Kommentar zur Rolle der Fed Eine fragile Säule der Vernunft

In einem zerrissenen Trump-Amerika kann der neue Fed-Chef Jerome Powell zur Stimme der Vernunft werden. Doch es wird nicht leicht für ihn – vor allem wenn die nächste Rezession kommt. Ein Kommentar.
Der künftige Fed-Chef gilt als moderater Konservativer – eine Seltenheit im heutigen politischen Klima der USA. Quelle: AFP
Jerome Powell

Der künftige Fed-Chef gilt als moderater Konservativer – eine Seltenheit im heutigen politischen Klima der USA.

(Foto: AFP)

Beinahe jede amerikanische Institution ist mittlerweile angegriffen durch die Atmosphäre von Hass, Parteilichkeit und Mangel an Aufrichtigkeit, die US-Präsident Donald Trump nicht erst geschaffen, die aber seine Wahl ermöglicht hat. Bis in die einzelnen Familien hinein geht die ideologische Spaltung.

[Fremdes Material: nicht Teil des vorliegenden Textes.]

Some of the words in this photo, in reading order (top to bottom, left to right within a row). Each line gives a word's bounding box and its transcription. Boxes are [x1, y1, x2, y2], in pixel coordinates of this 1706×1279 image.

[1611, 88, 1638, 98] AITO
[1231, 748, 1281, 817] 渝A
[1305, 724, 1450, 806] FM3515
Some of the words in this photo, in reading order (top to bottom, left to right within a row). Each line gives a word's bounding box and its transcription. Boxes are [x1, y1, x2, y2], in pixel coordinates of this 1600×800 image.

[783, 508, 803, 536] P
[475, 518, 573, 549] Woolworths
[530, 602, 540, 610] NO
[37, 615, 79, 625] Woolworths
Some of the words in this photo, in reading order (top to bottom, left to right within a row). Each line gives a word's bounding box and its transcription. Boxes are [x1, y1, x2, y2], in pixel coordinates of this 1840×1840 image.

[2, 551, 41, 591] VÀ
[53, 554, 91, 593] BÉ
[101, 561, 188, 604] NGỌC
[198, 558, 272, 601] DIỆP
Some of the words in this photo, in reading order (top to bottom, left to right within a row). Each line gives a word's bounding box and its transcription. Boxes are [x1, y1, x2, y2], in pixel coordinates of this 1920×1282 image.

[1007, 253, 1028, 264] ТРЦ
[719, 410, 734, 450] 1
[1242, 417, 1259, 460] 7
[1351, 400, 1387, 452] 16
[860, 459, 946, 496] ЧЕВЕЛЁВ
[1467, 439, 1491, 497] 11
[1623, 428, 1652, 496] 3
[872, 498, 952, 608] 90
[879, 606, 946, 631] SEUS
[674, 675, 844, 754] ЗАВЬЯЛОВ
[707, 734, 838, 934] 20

Im Parlament sind sogar die Republikaner untereinander notorisch uneins. Die Behörden werden jetzt zum Teil von Leuten geleitet, die sich zuvor für deren Abschaffung eingesetzt haben. Und am Obersten Gericht hat Trump mit Neil Gorsuch einen Mann eingesetzt, der intellektuell ähnlich brillant, aber noch konservativer als sein Vorgänger Antonin Scalia ist.